UMBERTO D.

UMBERTO D.

(director: Vittorio De Sica; screenwriter: story by Cesare Zavattini/Cesare Zavattini; cinematographer: Aldo Graziati; editor: Eraldo Da Roma; music: Alessandro Cicognini; cast: Carlo Battisti (Umberto D. Ferrari), Lina Gennari (Landlady), Maria-Pia Casilio (Maria), Elena Rea (Sister), Alberto Albani Barbieri (Landlady’s Fiance, Paolo), Ileana Simova (Surprised Woman), Memmo Carotenuto (Voice of Light); Runtime: 91; MPAA Rating: NR; producer: Giuseppe Amato/Vittorio De Sica/Angelo Rizzoli; The Criterion Collection; 1952-Italy-in Italian with English subtitles)

“De Sica somehow manages to avert sentimentality and banality, and his simple storytelling leaves a profound and timeless message.”

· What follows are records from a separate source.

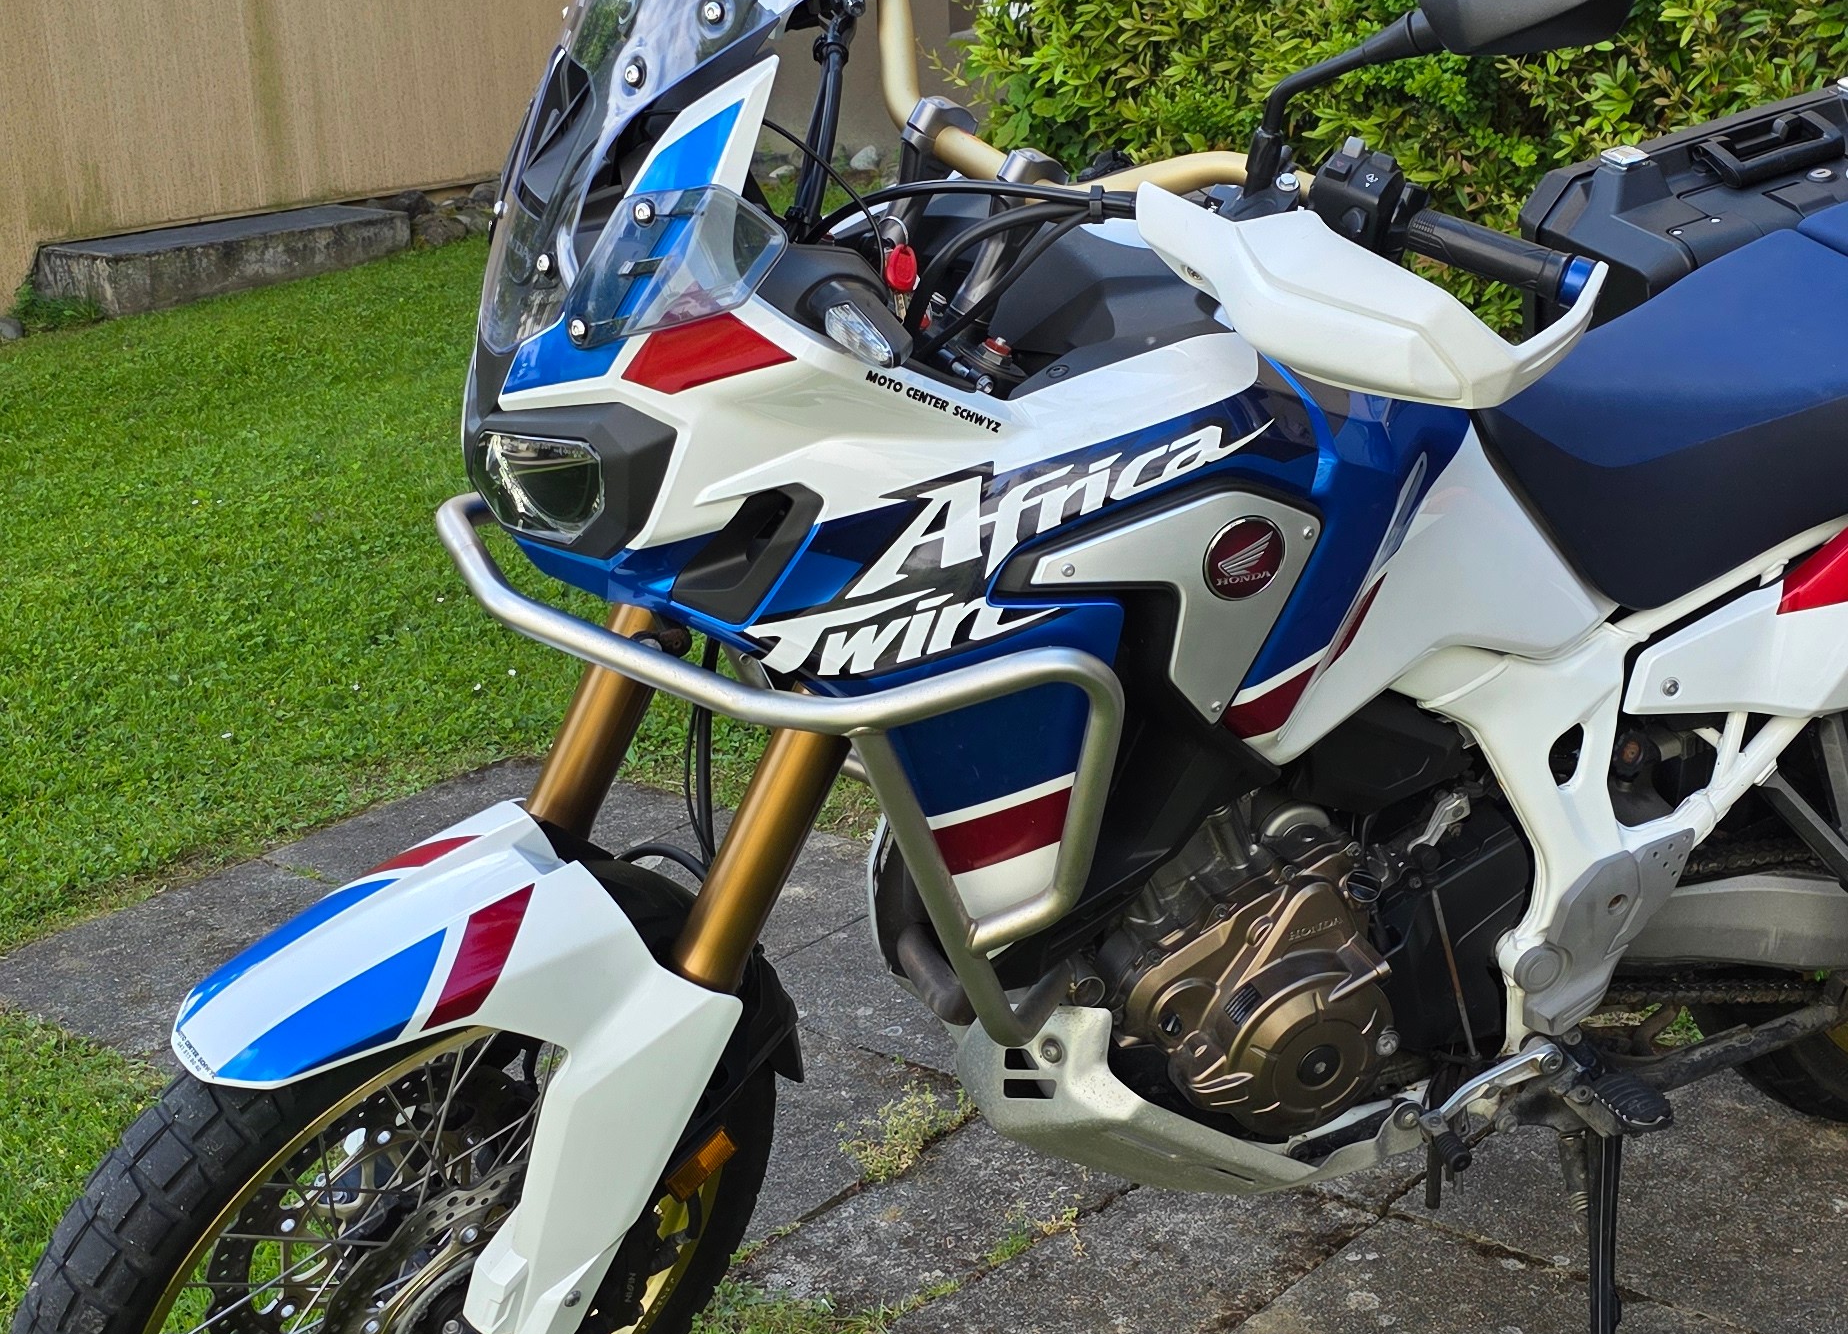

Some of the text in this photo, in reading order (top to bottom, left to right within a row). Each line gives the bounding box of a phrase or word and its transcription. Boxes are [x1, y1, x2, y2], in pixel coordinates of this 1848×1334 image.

[865, 370, 1002, 433] MOTO CENTER SCHWYZ
[845, 418, 1275, 600] Africa
[1216, 570, 1272, 586] HONDA
[743, 588, 1060, 676] Twin
[1288, 917, 1344, 942] HONDA
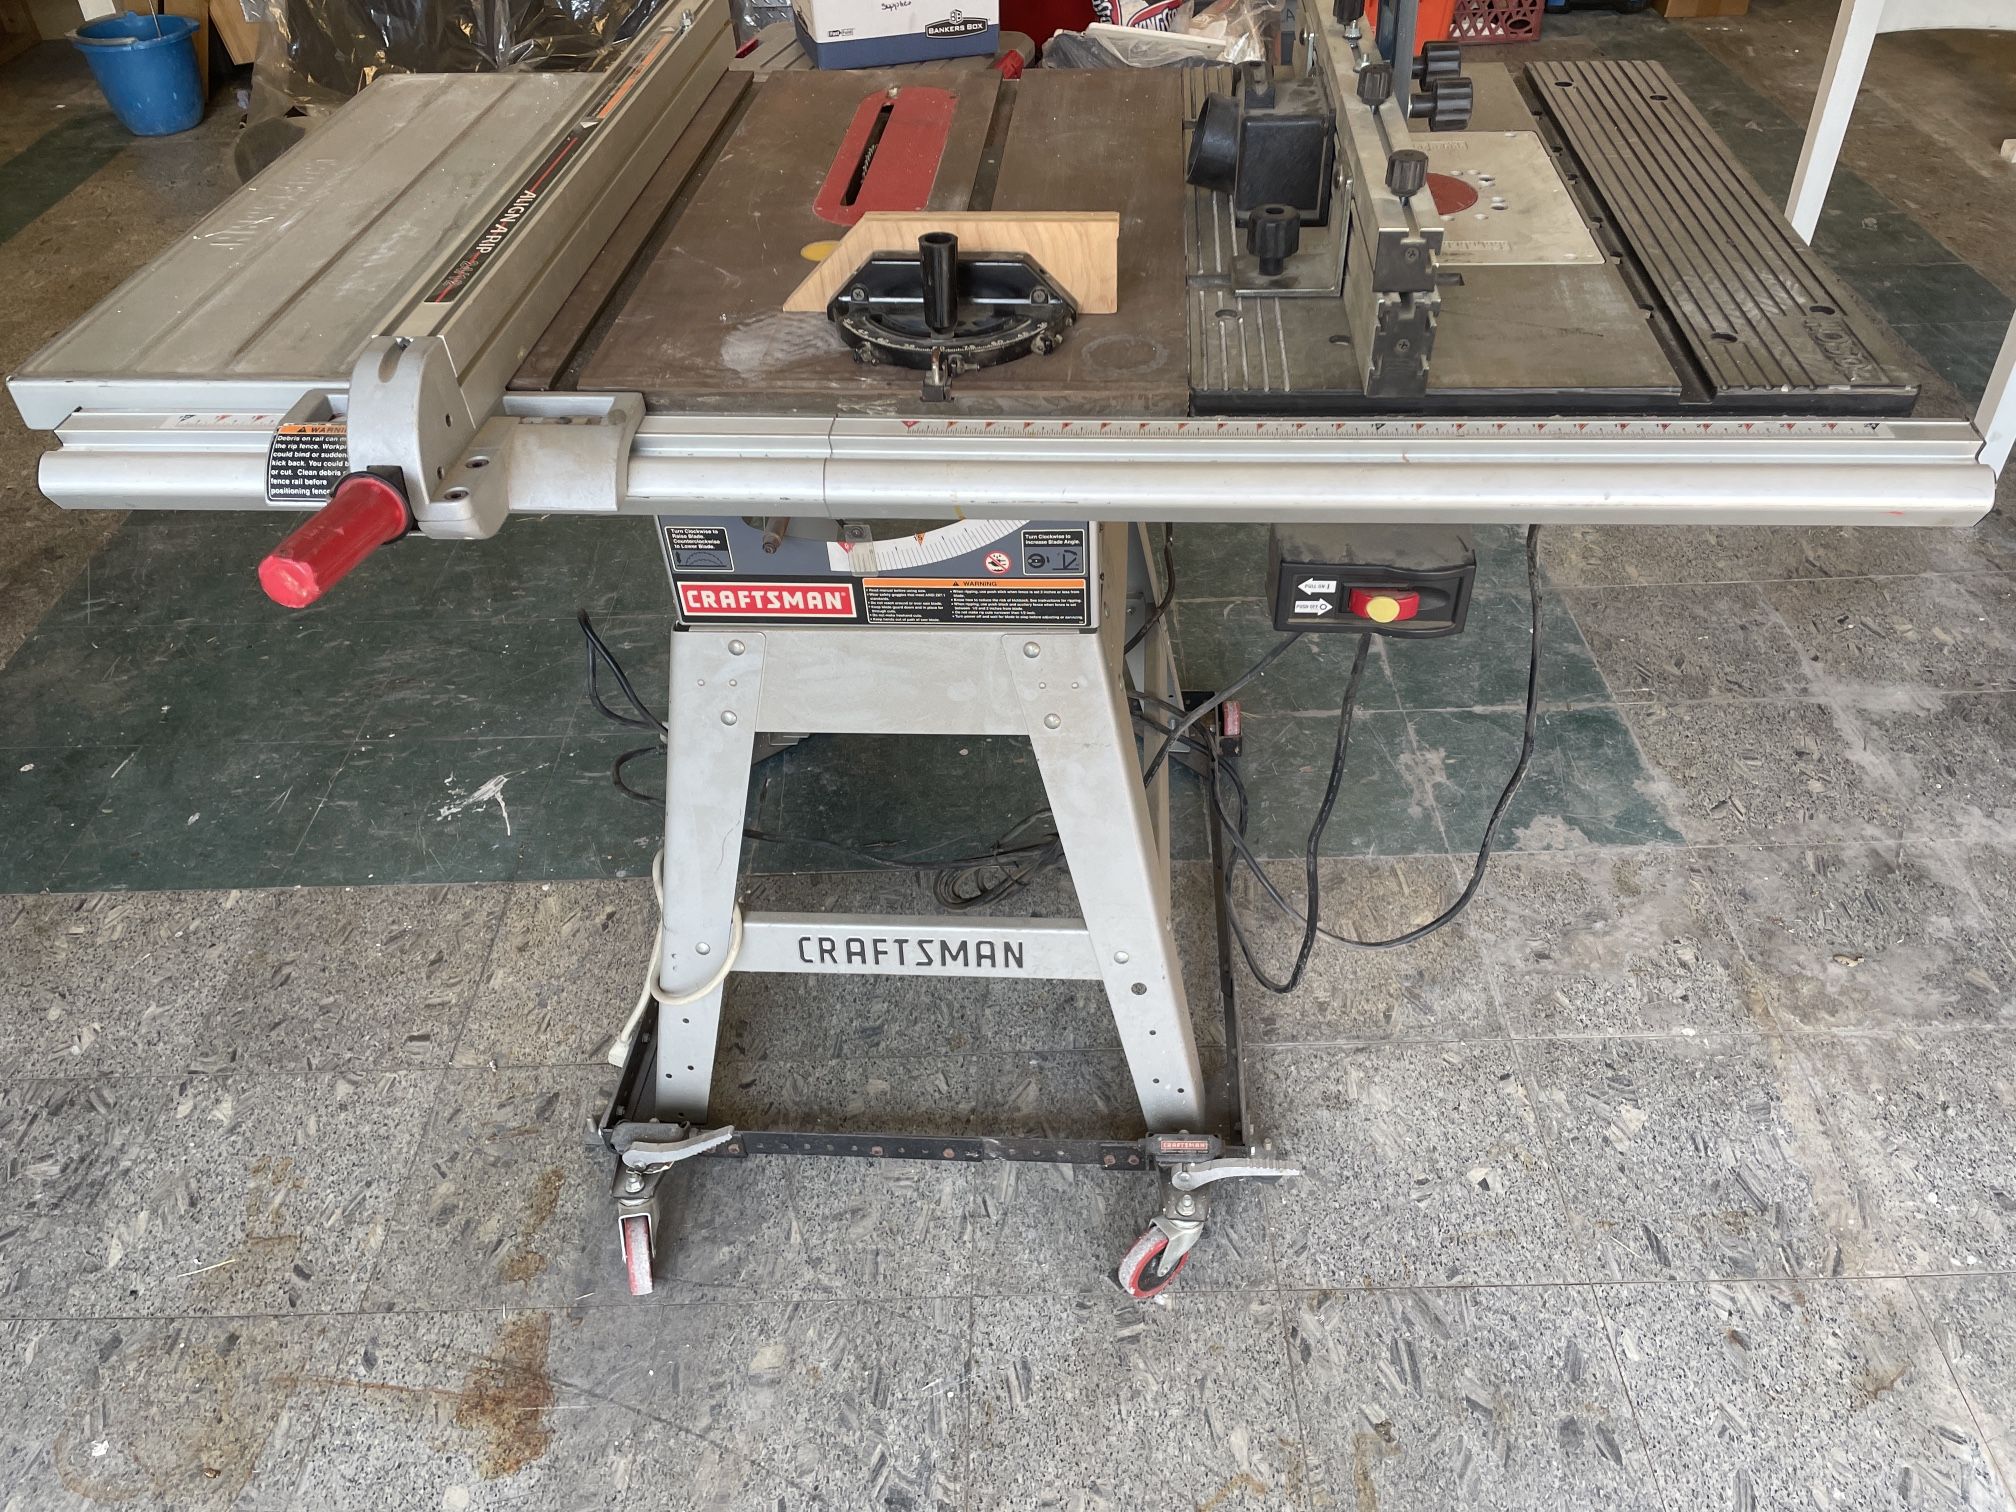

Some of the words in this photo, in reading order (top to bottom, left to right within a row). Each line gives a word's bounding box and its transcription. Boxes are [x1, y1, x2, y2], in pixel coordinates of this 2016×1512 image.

[928, 25, 965, 34] BANKERS
[500, 190, 537, 222] ALIGN
[476, 235, 502, 254] RIP
[271, 488, 310, 496] positioning
[686, 590, 843, 610] CRAFTSMAN
[798, 936, 1023, 968] CRAFTSMAN

Reviewed by Dennis Schwartz

A fine example of neorealism from Italian director Vittorio De Sica (“Shoeshine”/”The Bicycle Thief”); it’s superbly scripted by Cesare Zavattini from his story. The cast is made up of nonprofessionals, and there’s a truly heartwarming performance by Carlo Battisti who plays Umberto D.. Battisti’s day job was as a professor of philology. The black and white film covers the universal themes of society’s indifference to the elderly and the poor, and mankind’s hurtful loneliness and solitude. The bleak urban melodrama doesn’t share a happy moment until the end.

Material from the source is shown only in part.